5 - Wie konkret war Dein Berufsplan vor Beginn des Studiums und hat er sich möglicherweise während der 15 Vorlesungsmonate verändert? Wenn ja, warum?
Vor der ADI wusste ich schon, dass ich aus der Vermietung in den Verkauf wechseln möchte. Immer klar war auch, dass ich mich überwiegend mit Gewerbe- und Anlageimmobilien beschäftigen möchte. Da schließe ich ein Mehrfamilienhaus jetzt mal mit ein. Nach dem Studium nahm das ganze dann eine Eigendynamik an, weil sich auch bei meinem damaligen Arbeitgeber StöbenWittlinger im Hause sehr viel veränderte und ich dann die Riesenchance der Geschäftsübernahme erhielt. Während des Studiums war ich ehrlicherweise meistens froh, dass ich alles gemeinsam unter einen Hut bekommen habe und die Themen aus den Vorlesungen direkt anwenden konnte. Da war in meinem Kopf wenig Platz für Zukunftsplanung, die über die Abschlussarbeit und die mündliche Prüfung hinausging.
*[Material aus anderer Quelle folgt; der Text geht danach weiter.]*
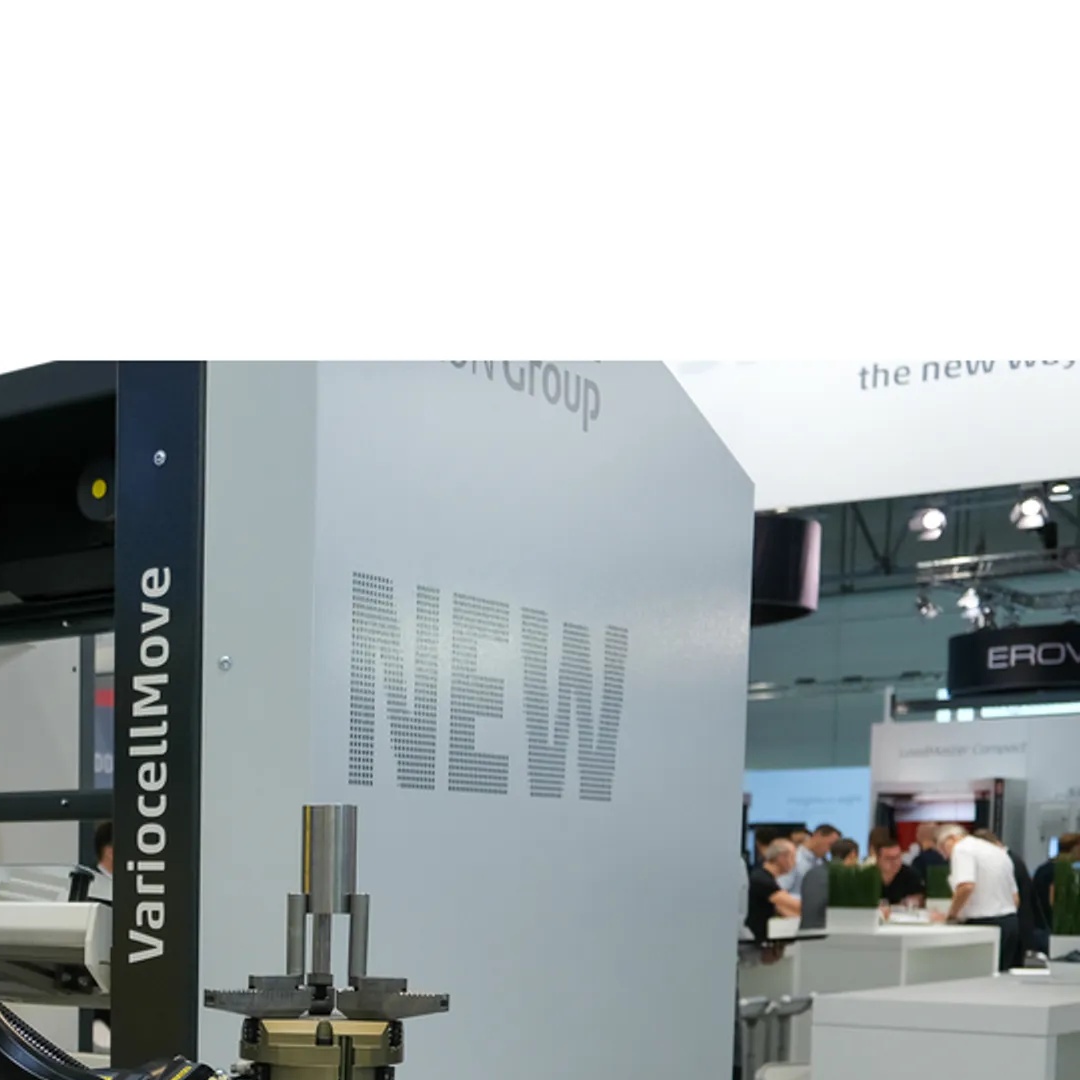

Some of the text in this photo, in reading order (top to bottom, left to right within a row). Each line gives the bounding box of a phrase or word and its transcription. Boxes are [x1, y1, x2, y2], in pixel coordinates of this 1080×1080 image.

6 - Wie hast Du Dich neben Deiner Arbeit für das Studium und insbesondere die Diplomarbeit organisiert? Hast Du da Tipps für kommende Studierende?
Ich hatte das große Glück, dass mein Arbeitgeber mich sehr unterstützt hat. Ich wurde für die Präsenztage in der Woche freigestellt und konnte den Urlaub dann tatsächlich für die Prüfungsvorbereitung und Erholung nutzen. Ich hatte allerdings noch nie ein Problem damit, mich auch abends nochmal spät oder am Wochenende an den Rechner zu setzen, um berufliche Dinge zu erledigen. Wichtig ist meines Erachtens, dass man sein privates Umfeld auf die bevorstehenden 15 Monate „einschwört“. Viel Freizeit hatte ich gefühlt nicht, insbesondere zum Ende hin, wenn die Klausuren und die Diplomarbeit in dieselbe Phase fallen. Das kann bei Familie und Freunden schon mal negativ aufgenommen werden, wenn sie nicht Bescheid wissen. Und das eigene Mindset muss stimmen. Wenn man dauernd denkt, man verpasst „draußen“ etwas, dann wird es schwierig.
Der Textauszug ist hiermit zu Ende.